Les parlementaires qui se sont inscrits dans cette démarche ont argué du fait que l’outrance des textes de rap incriminés était à l’origine de l’explosion de violence qu’ont connue beaucoup de quartiers populaires à la fin de l’automne. Le rap a-t-il une influence sur la façon dont son public perçoit la société, d’après vous ?

Axiom. Les déclencheurs des explosions de violence qu’ont connues les métropoles françaises en novembre sont dans l’ordre : la misère sociale, les violences policières et les propos de M. Sarkozy.
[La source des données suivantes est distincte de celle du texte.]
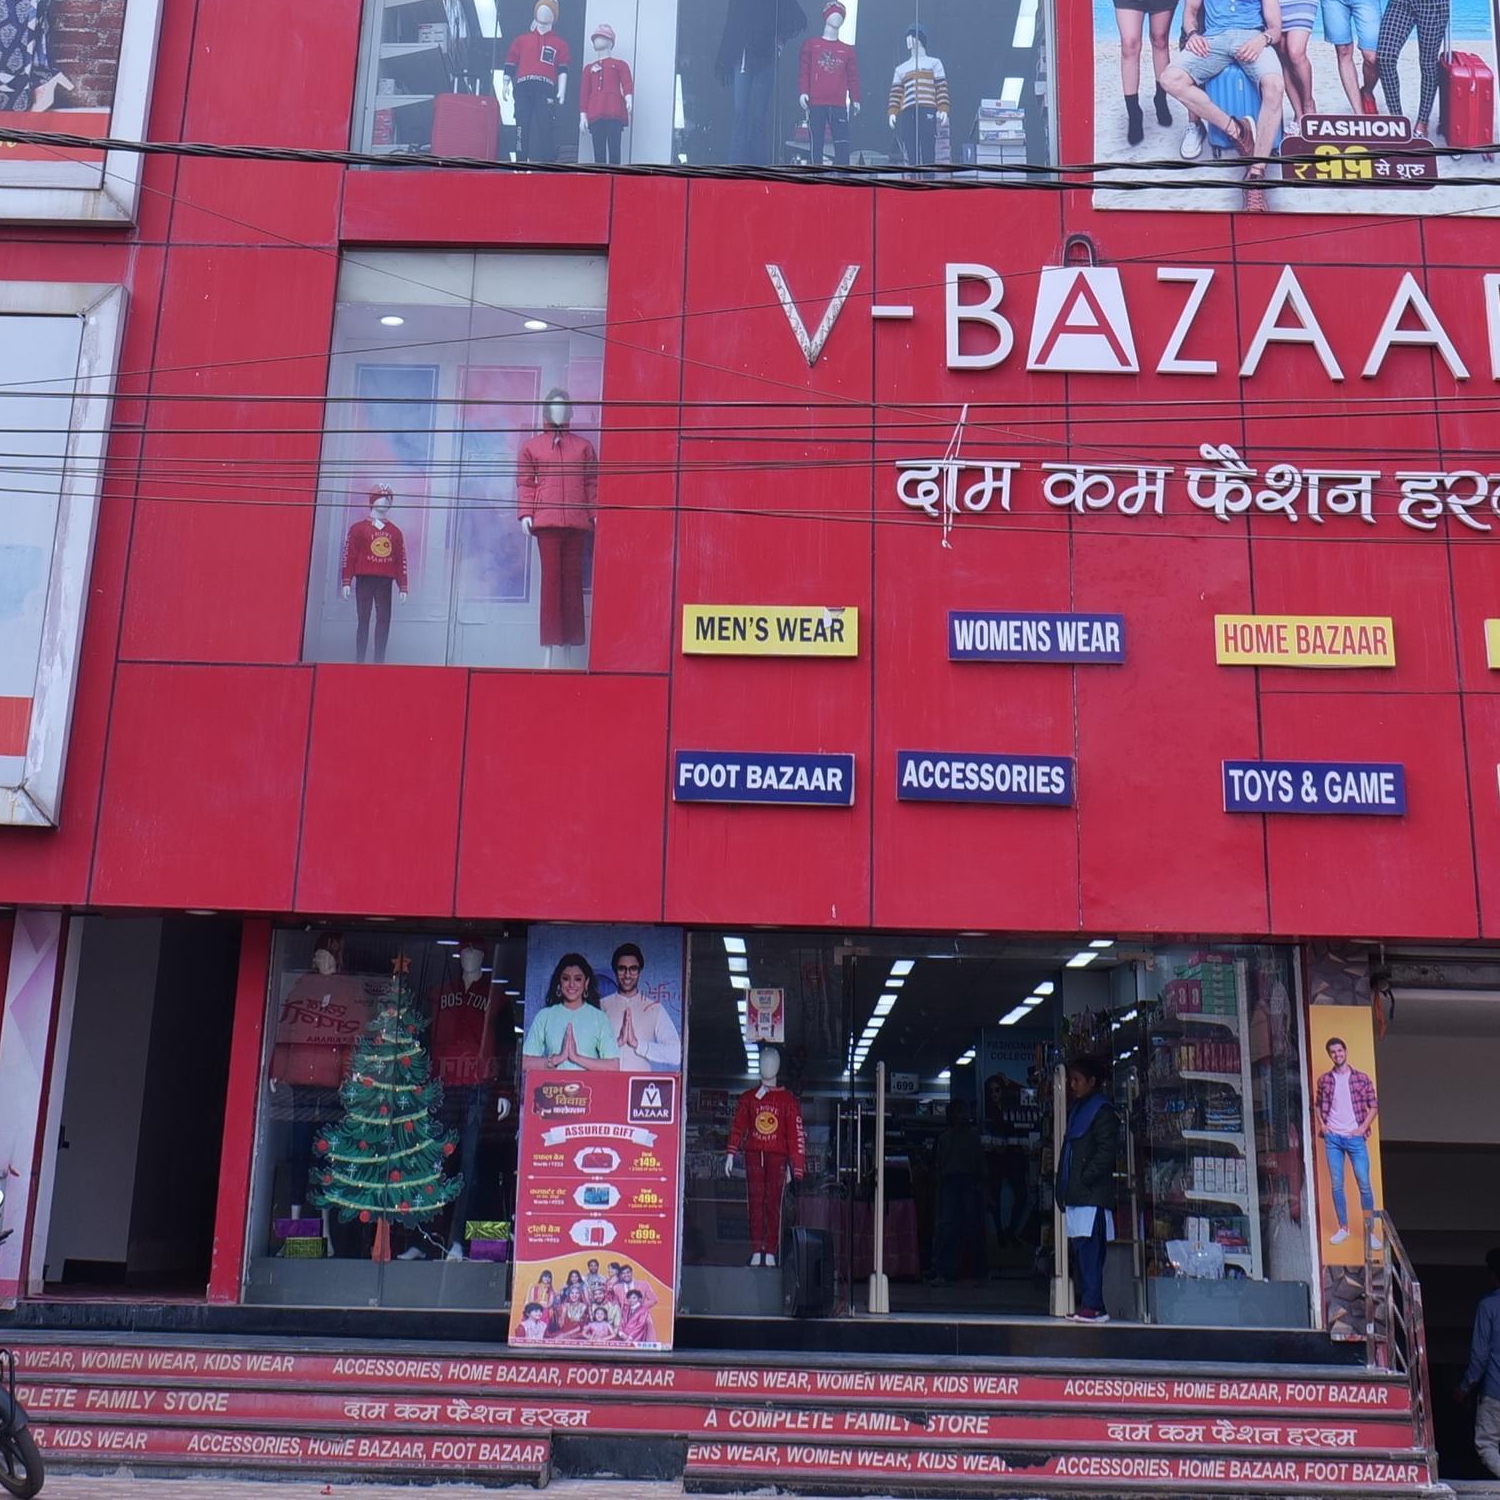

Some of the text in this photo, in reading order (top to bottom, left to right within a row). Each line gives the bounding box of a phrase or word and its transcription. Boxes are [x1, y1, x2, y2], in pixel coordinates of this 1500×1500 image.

L’argumentaire employé pour justifier la condamnation des rappeurs est totalement mensonger.

Les parlementaires qui s’en sont servis sont tout à la fois des rhéteurs qui jettent de la poudre aux yeux et des marchands de sommeil qui veulent nous endormir. Tantôt les responsables désignés des émeutes ont été les « islamistes », tantôt les dealers, tantôt encore des « méchants » qui « profitent » du RMI, enfin ce furent les rappeurs. Bientôt on nous annoncera que le problème est venu de tous les handicapés qui « pompent » le fric de la Sécurité sociale. Ce discours ne vous rappelle rien ? Nous avons affaire à de dangereux individus. Ils n’ont aucun scrupule à contribuer à la propagation des idées de l’extrême droite.
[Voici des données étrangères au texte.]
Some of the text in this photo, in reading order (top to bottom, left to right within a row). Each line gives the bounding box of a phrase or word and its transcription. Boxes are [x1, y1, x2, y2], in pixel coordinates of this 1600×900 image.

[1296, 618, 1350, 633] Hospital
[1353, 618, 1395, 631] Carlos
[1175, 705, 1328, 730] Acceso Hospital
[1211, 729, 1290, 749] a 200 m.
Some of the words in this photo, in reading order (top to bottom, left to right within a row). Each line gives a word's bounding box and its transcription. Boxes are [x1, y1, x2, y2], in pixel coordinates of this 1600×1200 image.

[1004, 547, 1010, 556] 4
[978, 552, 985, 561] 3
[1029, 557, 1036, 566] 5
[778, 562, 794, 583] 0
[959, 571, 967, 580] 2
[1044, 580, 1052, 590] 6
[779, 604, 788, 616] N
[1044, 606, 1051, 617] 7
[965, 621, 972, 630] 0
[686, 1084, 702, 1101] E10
Je ne nierai pas la violence de certains écrits de rappeurs mais comment en juger sinon en la comparant à la violence qui s’exprime dans d’autres formes d’art : au cinéma, en littérature, voire même dans l’hymne de la République française. La liberté d’expression est un droit sacré, pour lequel des gens se sont battus au risque, et parfois au prix, de leur vie.
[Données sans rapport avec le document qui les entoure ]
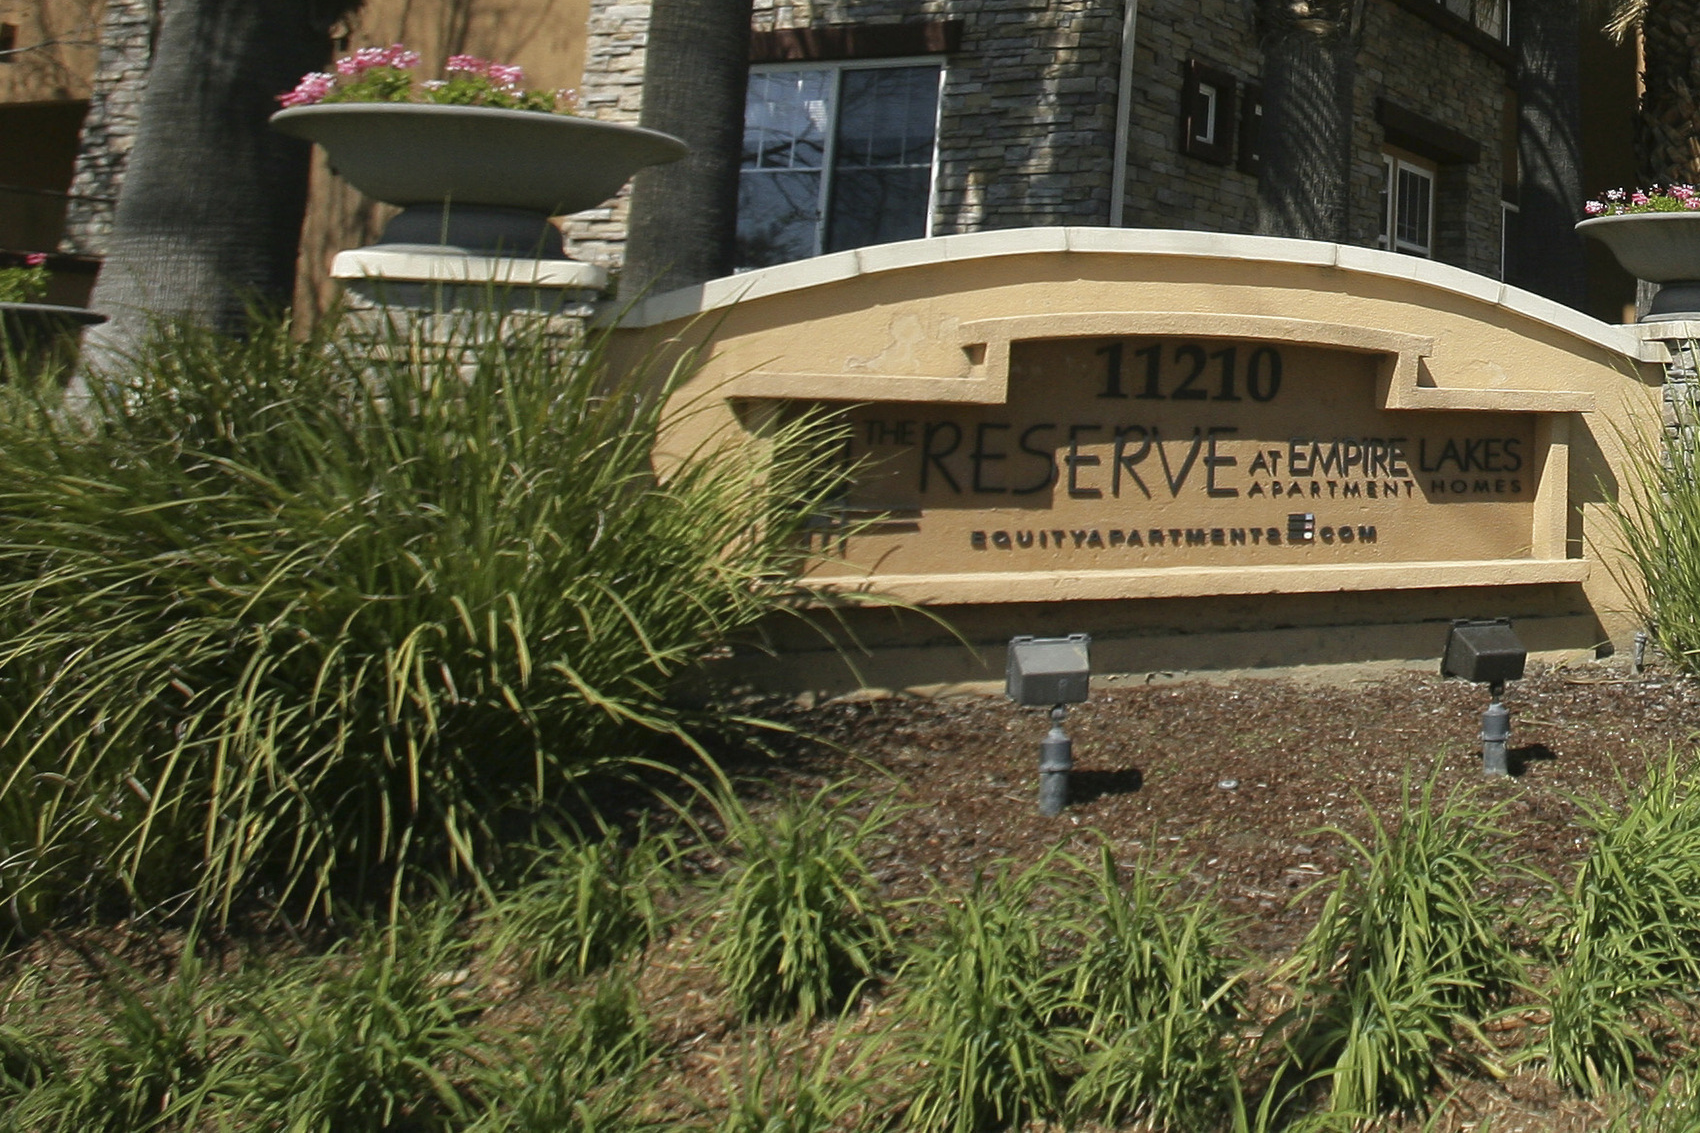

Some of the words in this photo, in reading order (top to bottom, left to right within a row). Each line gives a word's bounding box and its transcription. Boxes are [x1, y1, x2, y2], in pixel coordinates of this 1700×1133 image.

[1096, 343, 1282, 402] 11210
[864, 419, 916, 446] THE
[919, 422, 1239, 498] RESERVE
[1248, 449, 1283, 477] AT
[1288, 436, 1409, 478] EMPIRE
[1419, 437, 1522, 473] LAKES
[1247, 479, 1415, 499] APARTMENT
[1431, 478, 1522, 494] HOMES
Et aujourd’hui, dans le pays des droits de l’homme, nous en sommes encore à devoir le défendre.

Suite aux événements de novembre et à l’offensive des parlementaires contre le rap, vous avez écrit et mis en musique une Lettre au président de la République. « Citoyens de seconde zone, de la naissance à l’école / [...] /

Mais moi aussi je crois en la démocratie de France / Je crois en la république, la vraie / Car c’est le rêve du peuple et des opprimés » : vous n’y allez pas par quatre chemins...

Axiom. Je pense, et tous les jours de plus en plus, que nous avons affaire, à droite comme à gauche, à des personnes qui ne savent plus ce que veut dire « république » ! Or l’idée républicaine est aux gens d’en bas ce que la ploutocratie est aux gens d’en haut : un idéal politique. Cela peut paraître caricatural mais l’enjeu est bien là. La république appartient au peuple. Et la démocratie en découle. Or, de nos jours, en France, la tentation d’abattre, par des lois sécuritaires dignes d’une dictature, tout l’édifice républicain et démocratique que le peuple a mis en place à la fin du XVIIIe et tout le long du XIXe siècle, est omniprésente. En tant qu’artiste dois-je répondre à ce que je considère comme un grave danger en écrivant et composant des pastorales ? Je ne crois pas. Si, comme vous dites, je n’y vais pas par « quatre chemins », c’est que la situation exige d’appeler un chat un chat.

Votre texte se situe plus au niveau de la critique politique que d’une critique sociale. Ce n’est pas courant chez les rappeurs.

Axiom. C’est vrai, même si la crique sociale est présente, je ne me suis pas focalisé sur ce point car, outre le constat d’échec, je considère que la Ve République n’est plus en mesure de représenter les attentes populaires ! Il y a une crise de régime, c’est un fait. Le mandat de cinq ans ne permet pas de mener à bien les projets politiques, le système électoral de la proportionnelle donne voix aux extrémistes de droite, le vote blanc n’est pas comptabilisé et les jeunes Français issus de l’immigration ou des milieux populaires ont l’impression de n’être pas écoutés : les élus de tout bord continuent de vouloir imposer leur direction comme s’ils étaient les bergers et nous les moutons !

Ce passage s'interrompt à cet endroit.